*TASK TO COMPLETE*
Restate the entries below word for word, omitting nothing.

(Records from a data source)
————————

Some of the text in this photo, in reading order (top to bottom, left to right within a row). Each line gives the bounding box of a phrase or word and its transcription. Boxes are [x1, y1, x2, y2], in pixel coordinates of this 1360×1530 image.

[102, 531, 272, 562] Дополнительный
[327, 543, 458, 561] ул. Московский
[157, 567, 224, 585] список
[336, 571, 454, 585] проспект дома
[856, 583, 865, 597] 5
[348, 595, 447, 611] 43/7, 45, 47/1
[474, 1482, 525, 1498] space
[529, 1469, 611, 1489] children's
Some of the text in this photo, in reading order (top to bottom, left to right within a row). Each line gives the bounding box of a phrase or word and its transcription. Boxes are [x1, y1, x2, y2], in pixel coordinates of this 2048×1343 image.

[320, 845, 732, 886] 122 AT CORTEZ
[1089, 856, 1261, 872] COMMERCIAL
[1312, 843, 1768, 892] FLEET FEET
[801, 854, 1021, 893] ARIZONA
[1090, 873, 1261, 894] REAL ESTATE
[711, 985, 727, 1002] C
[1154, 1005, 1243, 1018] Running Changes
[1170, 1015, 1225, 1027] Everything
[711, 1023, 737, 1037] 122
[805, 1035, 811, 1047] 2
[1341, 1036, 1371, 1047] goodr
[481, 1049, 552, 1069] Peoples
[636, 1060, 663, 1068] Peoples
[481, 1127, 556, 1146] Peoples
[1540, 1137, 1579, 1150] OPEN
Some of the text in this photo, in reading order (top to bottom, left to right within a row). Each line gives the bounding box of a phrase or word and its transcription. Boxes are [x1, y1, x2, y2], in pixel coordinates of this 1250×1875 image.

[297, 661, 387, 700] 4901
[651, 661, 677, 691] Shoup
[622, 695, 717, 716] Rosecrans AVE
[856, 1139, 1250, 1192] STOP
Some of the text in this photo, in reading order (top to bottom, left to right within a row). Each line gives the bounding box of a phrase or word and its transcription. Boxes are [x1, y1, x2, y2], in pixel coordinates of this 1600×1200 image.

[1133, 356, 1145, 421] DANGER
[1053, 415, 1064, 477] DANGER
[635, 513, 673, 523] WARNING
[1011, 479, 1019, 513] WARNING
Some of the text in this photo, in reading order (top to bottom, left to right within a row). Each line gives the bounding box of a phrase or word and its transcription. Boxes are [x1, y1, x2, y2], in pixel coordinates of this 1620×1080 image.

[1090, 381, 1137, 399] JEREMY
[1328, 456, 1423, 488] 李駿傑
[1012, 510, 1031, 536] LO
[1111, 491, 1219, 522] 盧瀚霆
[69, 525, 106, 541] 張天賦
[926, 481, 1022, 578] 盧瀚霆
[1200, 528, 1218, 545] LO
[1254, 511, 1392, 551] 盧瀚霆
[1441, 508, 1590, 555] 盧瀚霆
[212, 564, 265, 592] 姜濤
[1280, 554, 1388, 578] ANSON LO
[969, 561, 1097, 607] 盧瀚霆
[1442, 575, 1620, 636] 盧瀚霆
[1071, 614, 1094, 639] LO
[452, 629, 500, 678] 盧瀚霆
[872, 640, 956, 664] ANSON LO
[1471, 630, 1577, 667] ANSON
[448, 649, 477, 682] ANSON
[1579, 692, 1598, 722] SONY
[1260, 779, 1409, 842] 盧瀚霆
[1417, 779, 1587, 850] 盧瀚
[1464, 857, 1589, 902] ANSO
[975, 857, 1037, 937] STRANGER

————————

*OUTPUT BELOW*
Some of the text in this photo, in reading order (top to bottom, left to right within a row). Each line gives the bounding box of a phrase or word and its transcription. Boxes are [x1, y1, x2, y2], in pixel coordinates of this 1360×1530 image.

[102, 531, 272, 562] Дополнительный
[327, 543, 458, 561] ул. Московский
[157, 567, 224, 585] список
[336, 571, 454, 585] проспект дома
[856, 583, 865, 597] 5
[348, 595, 447, 611] 43/7, 45, 47/1
[474, 1482, 525, 1498] space
[529, 1469, 611, 1489] children's
Some of the text in this photo, in reading order (top to bottom, left to right within a row). Each line gives the bounding box of a phrase or word and its transcription. Boxes are [x1, y1, x2, y2], in pixel coordinates of this 2048×1343 image.

[320, 845, 732, 886] 122 AT CORTEZ
[1089, 856, 1261, 872] COMMERCIAL
[1312, 843, 1768, 892] FLEET FEET
[801, 854, 1021, 893] ARIZONA
[1090, 873, 1261, 894] REAL ESTATE
[711, 985, 727, 1002] C
[1154, 1005, 1243, 1018] Running Changes
[1170, 1015, 1225, 1027] Everything
[711, 1023, 737, 1037] 122
[805, 1035, 811, 1047] 2
[1341, 1036, 1371, 1047] goodr
[481, 1049, 552, 1069] Peoples
[636, 1060, 663, 1068] Peoples
[481, 1127, 556, 1146] Peoples
[1540, 1137, 1579, 1150] OPEN
Some of the text in this photo, in reading order (top to bottom, left to right within a row). Each line gives the bounding box of a phrase or word and its transcription. Boxes are [x1, y1, x2, y2], in pixel coordinates of this 1250×1875 image.

[297, 661, 387, 700] 4901
[651, 661, 677, 691] Shoup
[622, 695, 717, 716] Rosecrans AVE
[856, 1139, 1250, 1192] STOP
Some of the text in this photo, in reading order (top to bottom, left to right within a row). Each line gives the bounding box of a phrase or word and its transcription. Boxes are [x1, y1, x2, y2], in pixel coordinates of this 1600×1200 image.

[1133, 356, 1145, 421] DANGER
[1053, 415, 1064, 477] DANGER
[635, 513, 673, 523] WARNING
[1011, 479, 1019, 513] WARNING
Some of the text in this photo, in reading order (top to bottom, left to right within a row). Each line gives the bounding box of a phrase or word and its transcription. Boxes are [x1, y1, x2, y2], in pixel coordinates of this 1620×1080 image.

[1090, 381, 1137, 399] JEREMY
[1328, 456, 1423, 488] 李駿傑
[1012, 510, 1031, 536] LO
[1111, 491, 1219, 522] 盧瀚霆
[69, 525, 106, 541] 張天賦
[926, 481, 1022, 578] 盧瀚霆
[1200, 528, 1218, 545] LO
[1254, 511, 1392, 551] 盧瀚霆
[1441, 508, 1590, 555] 盧瀚霆
[212, 564, 265, 592] 姜濤
[1280, 554, 1388, 578] ANSON LO
[969, 561, 1097, 607] 盧瀚霆
[1442, 575, 1620, 636] 盧瀚霆
[1071, 614, 1094, 639] LO
[452, 629, 500, 678] 盧瀚霆
[872, 640, 956, 664] ANSON LO
[1471, 630, 1577, 667] ANSON
[448, 649, 477, 682] ANSON
[1579, 692, 1598, 722] SONY
[1260, 779, 1409, 842] 盧瀚霆
[1417, 779, 1587, 850] 盧瀚
[1464, 857, 1589, 902] ANSO
[975, 857, 1037, 937] STRANGER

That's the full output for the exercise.